HARDING: Sim. É fácil também, embora complexo porque envolve inúmeros fatores. A WNBA é uma liga de 20, 21 anos de idade. É muito jovem. O primeiro time que foi muitas vezes campeão, o Houston Comets, nem existe mais. Eu sempre digo sobre a NBA x WNBA, que existe uma questão de idade. A NBA não era esse fenômeno de organização que é hoje quando tinha 21 anos. A NBA é de 1946, vale lembrar. É diferente, então. Não dá pra comparar. As meninas que jogaram ou que ainda jogam são pioneiras, quase que cobaias de experimentos que ninguém sabe se vai dar certo – e como vai dar certo. Vai ser demorado, vai ser um processo, vai ser um sucesso com o tempo. O legal é que essa temporada já houve muitas coisas virais, rolando o mundo todo. Isso ajuda a popularizar o esporte.

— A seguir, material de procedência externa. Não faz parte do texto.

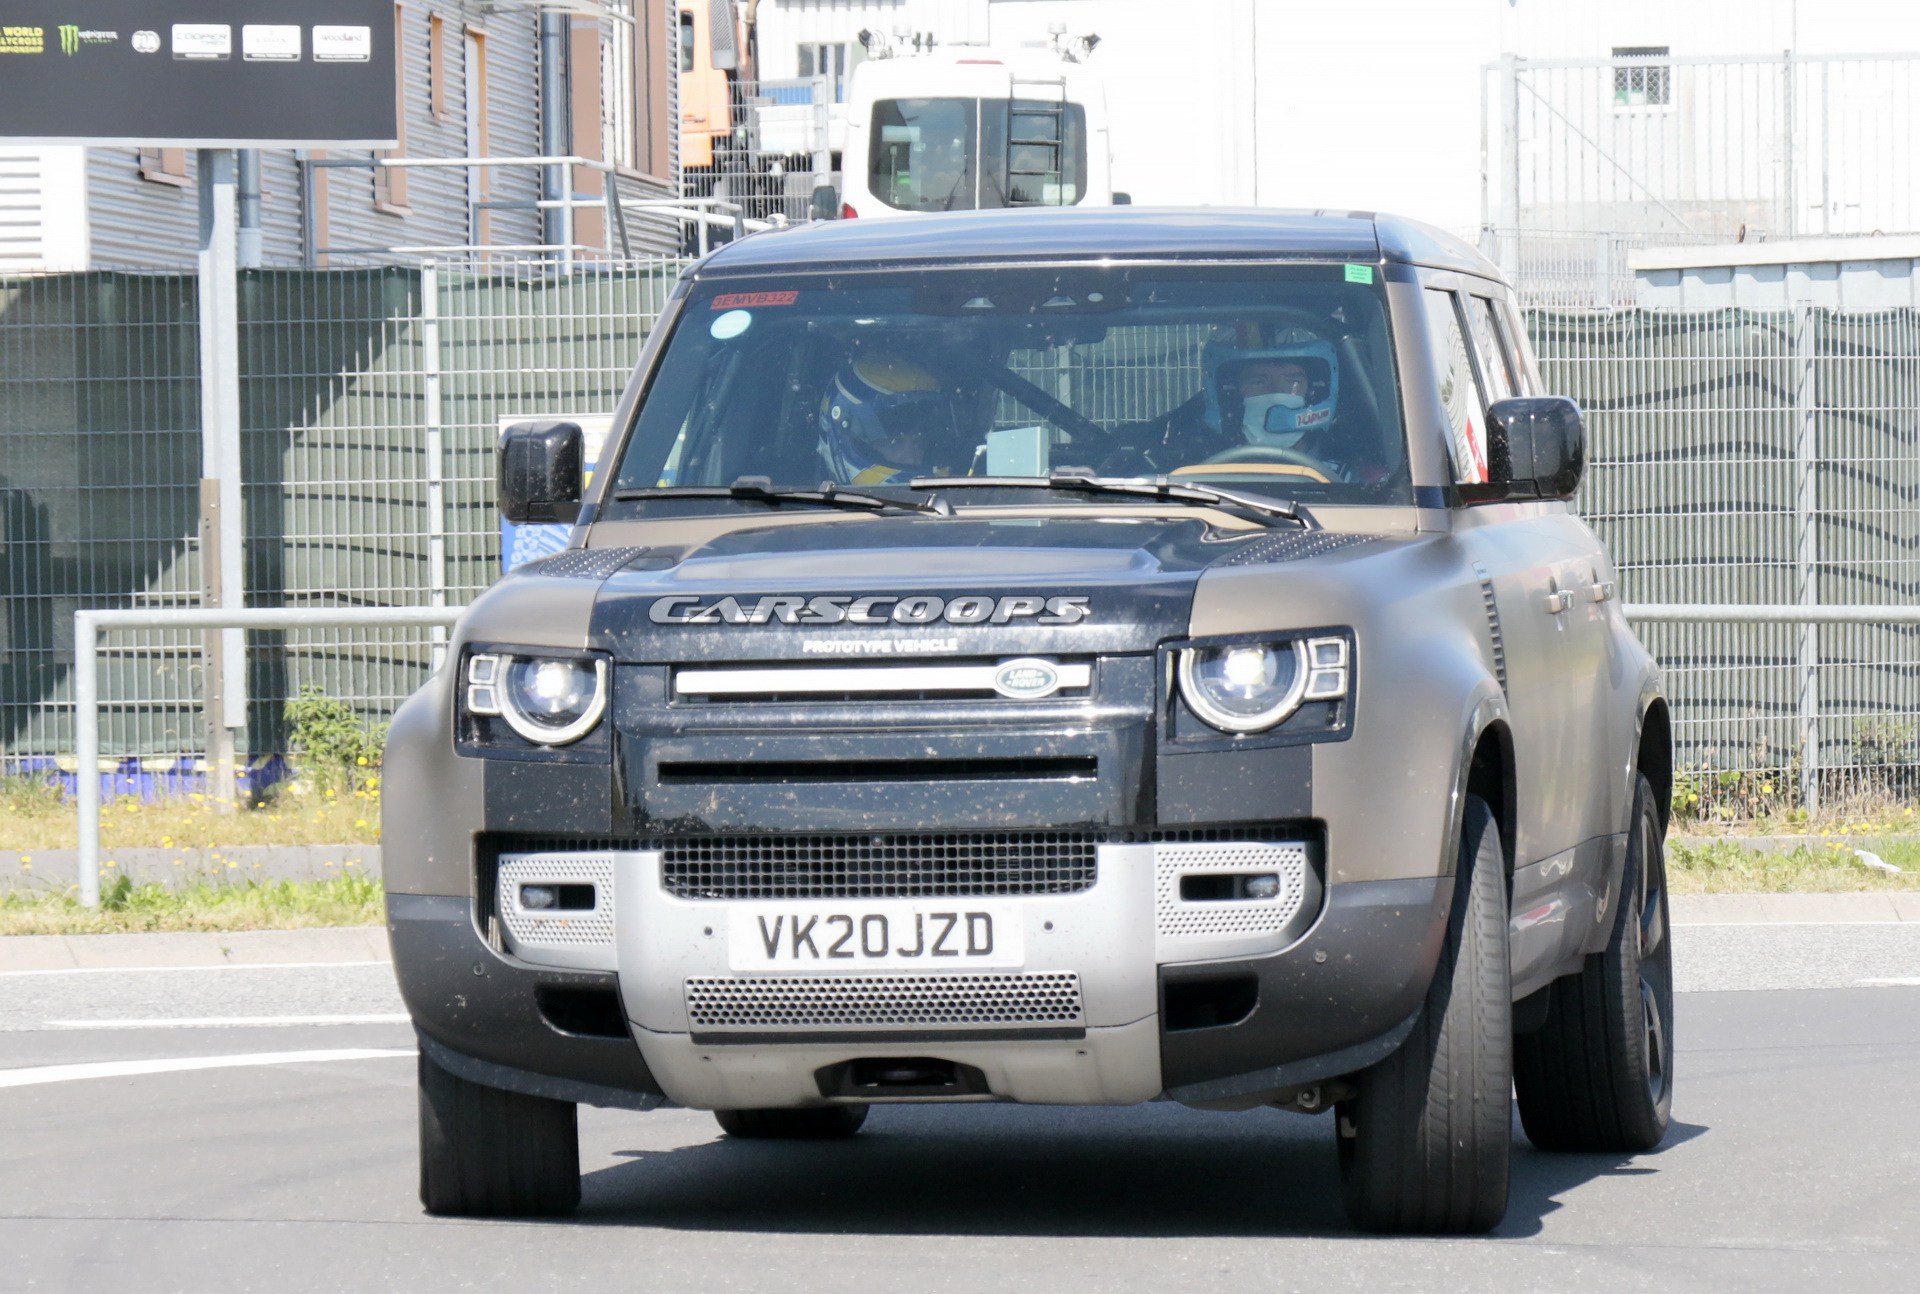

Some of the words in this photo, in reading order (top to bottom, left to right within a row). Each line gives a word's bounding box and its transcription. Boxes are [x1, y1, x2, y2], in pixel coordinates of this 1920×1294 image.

BNC: Mesmo há pouco tempo na NBA, já deu pra perceber diferenças estruturais, certo?
HARDING: Sim, isso é bem nítido e fácil de ver. As estruturas são completamente diferentes. Na NBA somos muito, muito profundos em analytics (dados estatísticos) em comparação com a WNBA. Na NBA você tem uma estrutura gigantesca fora de quadra também. Olhando basquete, sem falar de marketing, administração, ingressos, essas coisas, devem ser brincando umas 100 pessoas sem contar os atletas. Técnicos, médicos, scouts, treinadores de desenvolvimento de jogadores, essas coisas. Na WNBA, muitas vezes o técnico ainda é o General-Manager. É óbvio que o tamanho do staff varia de acordo com a grana disponível em cada um dos negócios, mas chama a atenção, sim. Na NBA são muitos assistentes, todos preocupados em ter vantagens competitivas sobre os rivais, porque no final do dia é no que se resume o jogo – detalhes. Fazíamos até demais com muito menos (dinheiro) na WNBA.